Is there a way we can not guess? Can we observe how many active VMs we have at a time in GCP and go off of that? If we have to guess that works but it would be faster to know what universe of scale we are already operating at.

How many VMs does a single integration test run require right now?

For example, counting manually it looks like we have 9 unique test groups, which means that there should be something like at least 9 VMs of each machine type that needs to be scheduled simultaneously.

I see:

container
Upgrade
Default
FleetPrivileged
FleetAirgapped
FleetAirgappedPrivileged
DEB
RPM
FQDN

rg 'Group\:' testing/integration
testing/integration/container_cmd_test.go
37:             Group: "container",

testing/integration/upgrade_rollback_test.go
44:             Group: Upgrade,
159:            Group: Upgrade,

testing/integration/diagnostics_test.go
131:            Group: Default,
157:            Group: Default,
183:            Group: Default,
206:            Group: Default,

testing/integration/fake_test.go
76:             Group: Default,
137:            Group: Default,

testing/integration/upgrade_gpg_test.go
27:             Group: Upgrade,
96:             Group: Upgrade,

testing/integration/delay_enroll_test.go
29:             Group: Fleet,

testing/integration/upgrade_fleet_test.go
44:             Group: Fleet,
58:             Group: FleetPrivileged,
108:            Group: FleetAirgapped,
120:            Group: FleetAirgappedPrivileged,

testing/integration/upgrade_standalone_retry_test.go
31:             Group: Upgrade,

testing/integration/upgrade_downgrade_test.go
29:             Group: Upgrade,

testing/integration/logs_ingestion_test.go
43:             Group: Fleet,
105:            Group: Deb,
173:            Group: RPM,

testing/integration/package_version_test.go
36:             Group: Default,
64:             Group: Fleet,

testing/integration/upgrade_standalone_same_commit_test.go
40:             Group: Upgrade,

testing/integration/monitoring_probe_reload_test.go
45:             Group: "fleet",

testing/integration/fqdn_test.go
36:             Group: FQDN,

testing/integration/upgrade_standalone_test.go
27:             Group: Upgrade,

testing/integration/upgrade_uninstall_test.go
28:             Group: Upgrade,

testing/integration/endpoint_security_test.go
81:             Group: Fleet,
107:            Group: Fleet,
135:            Group: Fleet,
504:            Group: Fleet,
575:            Group: Fleet,
655:            Group: Fleet,

testing/integration/proxy_url_test.go
98:             Group: Fleet,
146:            Group: Fleet,
196:            Group: Fleet,
260:            Group: Fleet,
328:            Group: Fleet,

testing/integration/install_test.go
29:             Group: Default,
96:             Group: Default,
175:            Group: Default,

testing/integration/upgrade_standalone_inprogress_test.go
30:             Group: Upgrade,

testing/integration/upgrade_broken_package_test.go
30:             Group: Upgrade,

testing/integration/agent_long_running_leak_test.go
65:             Group: "fleet",

testing/integration/apm_propagation_test.go
56:             Group: Default,

testing/integration/otel_test.go
112:            Group: Default,
228:            Group: Default,

testing/integration/metrics_monitoring_test.go
36:             Group: Fleet,

testing/integration/install_privileged_test.go
27:             Group: Default,
79:             Group: Default,

testing/integration/beats_serverless_test.go
53:             Group: Default,

testing/integration/monitoring_probe_preserve_text_cfg_test.go
80:             Group: "fleet",

rdner · 2024-05-13T09:20:29Z

@cmacknz even if we calculated the precise amount of VMs needed per build, we still would not know the failure/instability point of the GCP API. I don't have historical data for the amount of VMs we had running when GCP started failing for us.

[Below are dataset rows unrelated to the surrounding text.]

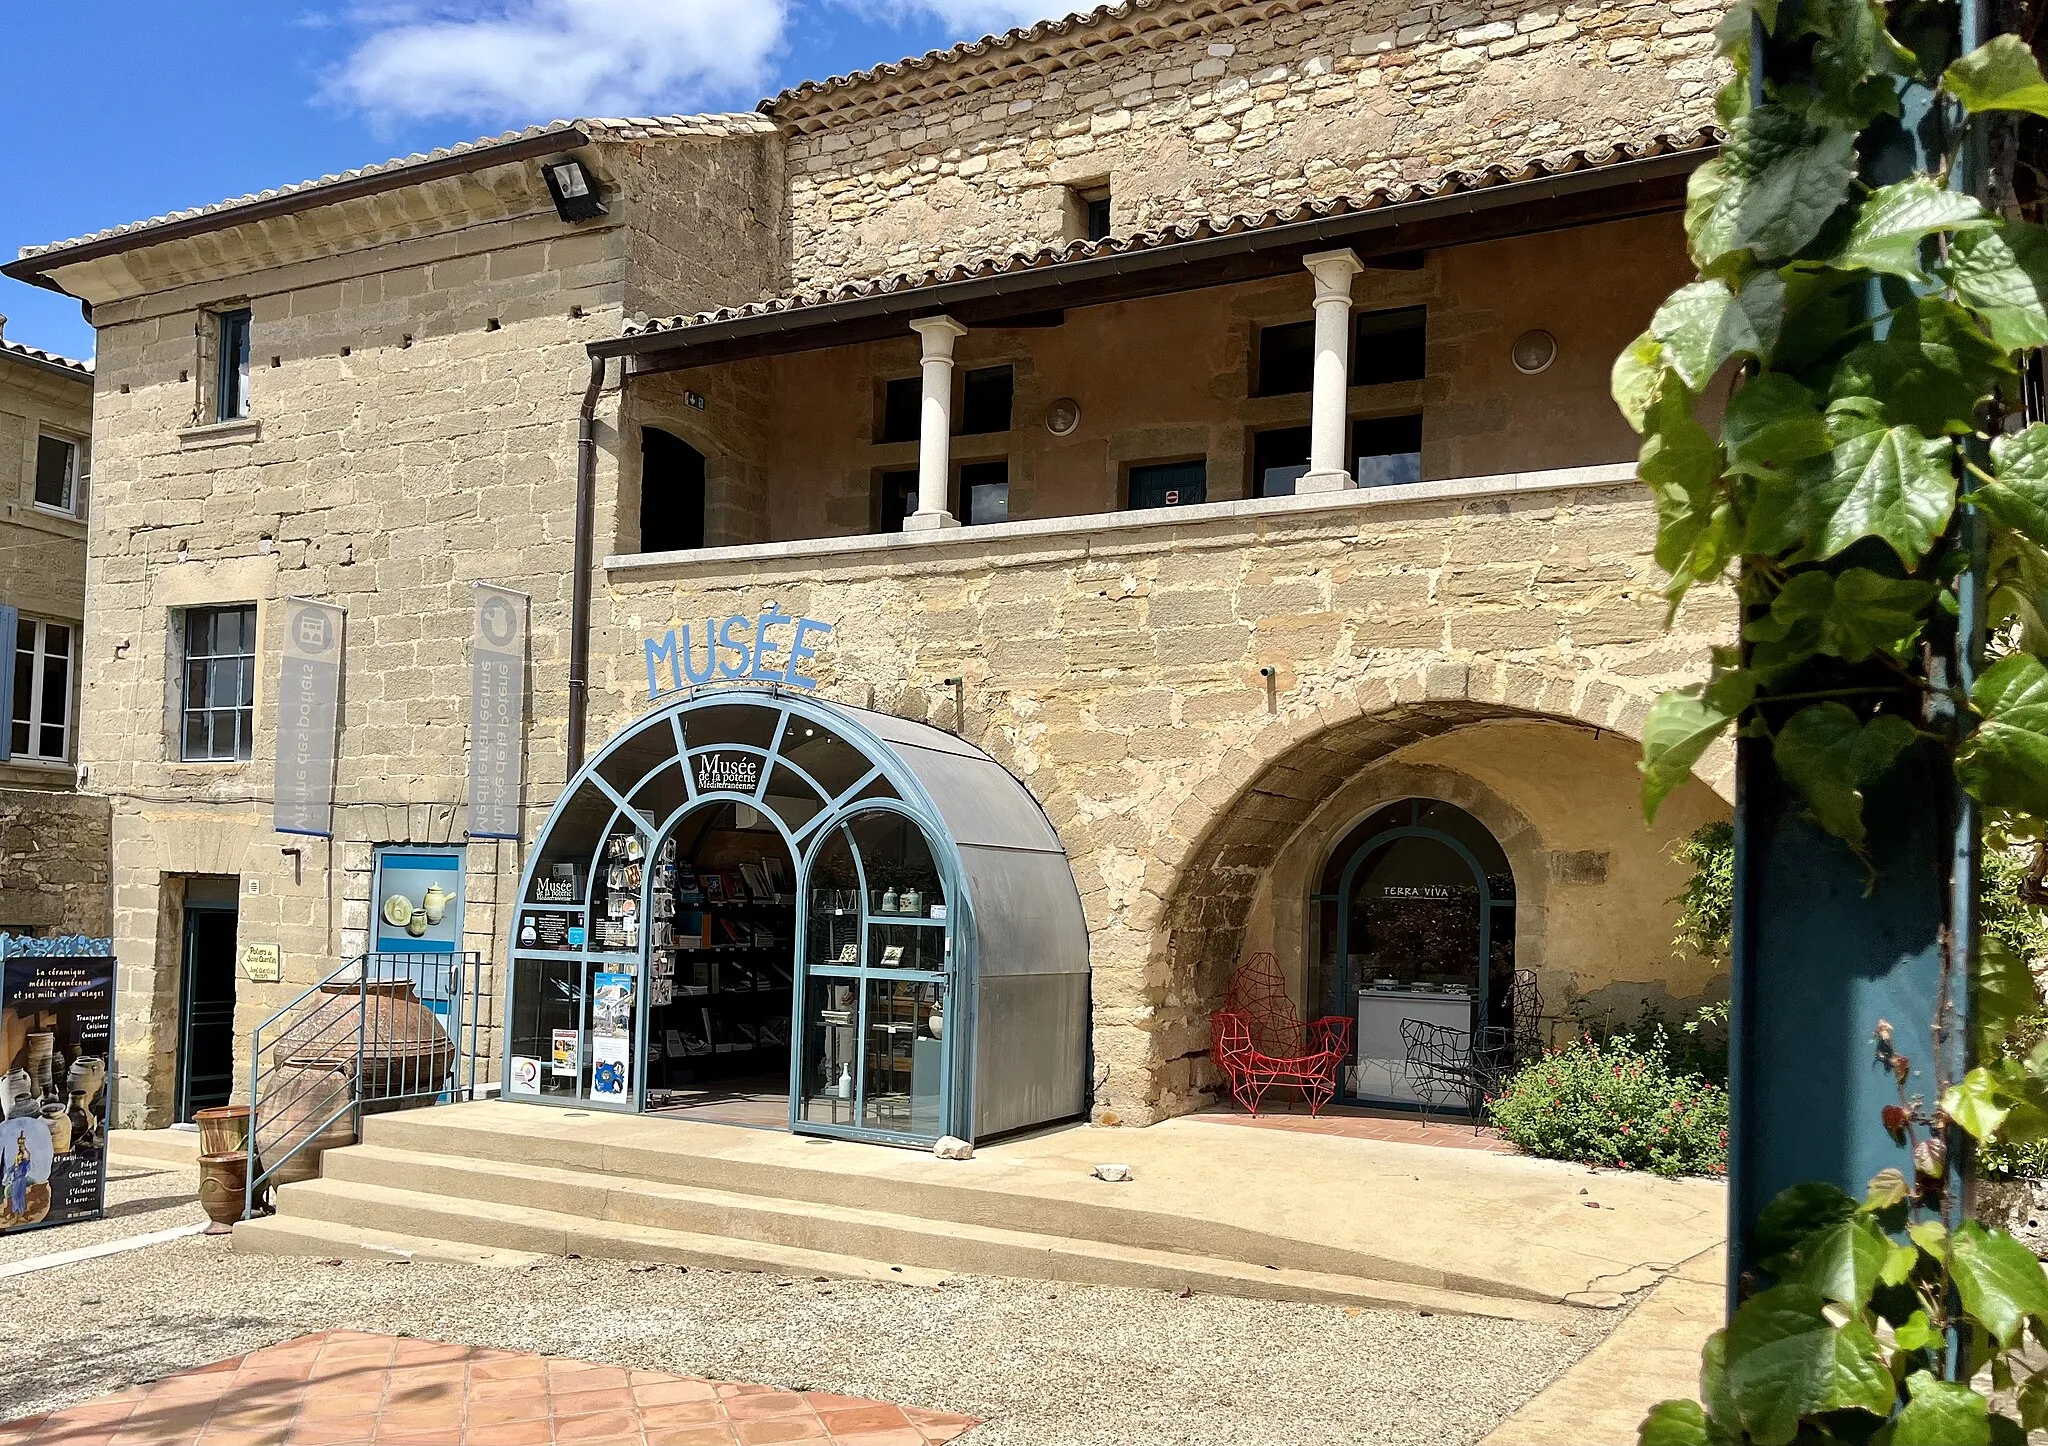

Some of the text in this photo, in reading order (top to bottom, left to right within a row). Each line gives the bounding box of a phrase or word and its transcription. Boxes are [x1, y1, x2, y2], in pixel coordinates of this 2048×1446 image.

[644, 604, 832, 701] MUSÉE
[699, 754, 757, 775] Musée
[699, 769, 756, 784] de la poterie
[536, 877, 573, 892] Musée
[1383, 886, 1420, 896] TERRA
[36, 967, 86, 978] La céramique
[28, 978, 92, 988] méditerranéenne
[13, 990, 22, 999] et
[24, 991, 35, 999] ses
[37, 990, 57, 999] mille
[59, 990, 67, 998] et
[81, 990, 104, 999] usages
[76, 1013, 109, 1022] Transporter
[81, 1031, 108, 1039] Conserver
[68, 1170, 97, 1178] Construire
[65, 1197, 72, 1206] Se
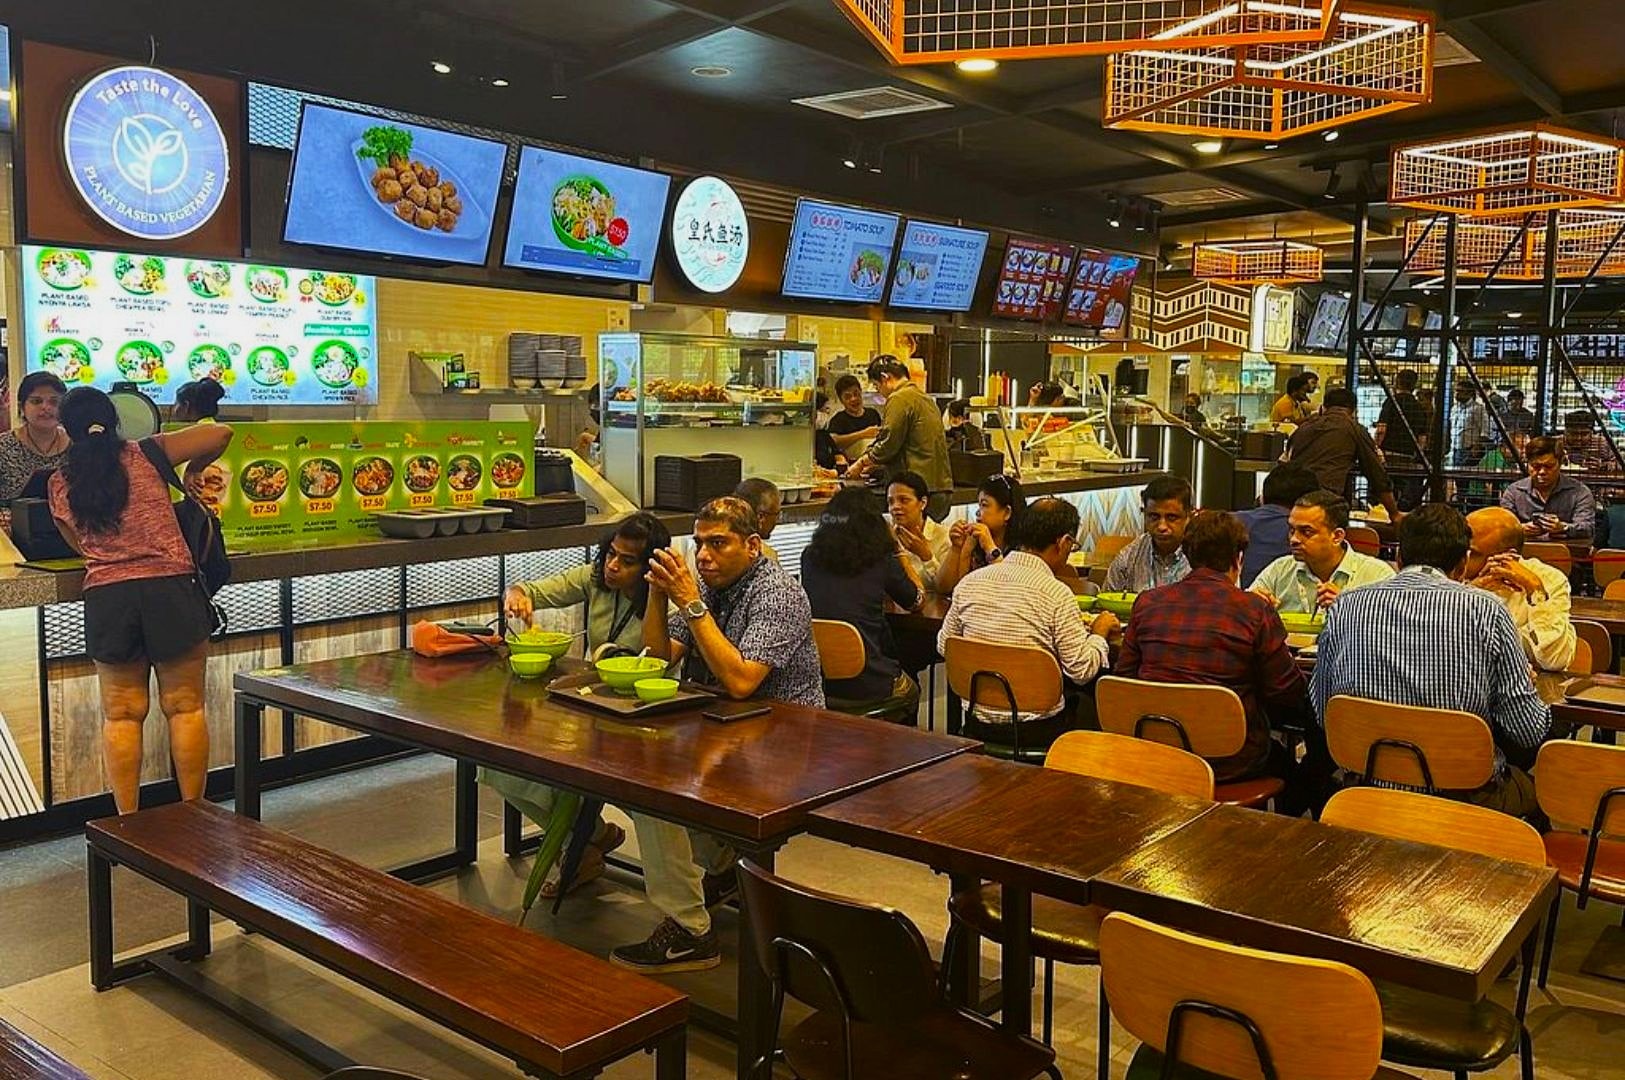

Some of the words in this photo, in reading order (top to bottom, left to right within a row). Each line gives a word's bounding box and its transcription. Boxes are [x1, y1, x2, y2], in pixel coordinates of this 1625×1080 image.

If it's ~9 VMs per running build, 4 concurrent builds would already result in 36 VMs, plus we can guarantee their shut down only after 4 hours. Which makes the amount of running VMs at the same time somewhat unpredictable, this makes me think we have to guess.

The number can be anything, we can start with 8, does not matter. But we must start with something and then iterate. It's like Progress, SIMPLE Perfection in our source code says. I'm afraid we might spend too much time perfecting the number instead of trying some number and moving from there.

cmacknz · 2024-05-13T13:52:41Z

we still would not know the failure/instability point of the GCP API

My main concern is that without understanding in detail what the limit is, or exactly what problem we are working around, we may permanently make CI slower without an explanation or a path to fixing the underlying problem.

I do not want us to arbitrarily limit the number of CI jobs and permanently cap developer productivity without an actual reason. Are we requesting too many machines at once? Is the type of machine we are requesting not as available as others we could use instead? Are we using the API wrong and we are supposed to overflow into another AZ in the same region when we get capacity related errors? Do we need a capacity reservation with GCP itself to guarantee available (would this also be cheaper?)?

If you don't want to try an dig into the root cause at least do an analysis of if the reduced flakiness by capping concurrent builds actually saves us time over running more builds in parallel with the risk that some of them fail.

If we can make CI 100% reliable by executing a single build at a time, we have solved the flakiness problem at the expense of greatly limiting our throughput as a team. I will happily trade off one flaky build per day for unlimited concurrency for example at the other end of this spectrum.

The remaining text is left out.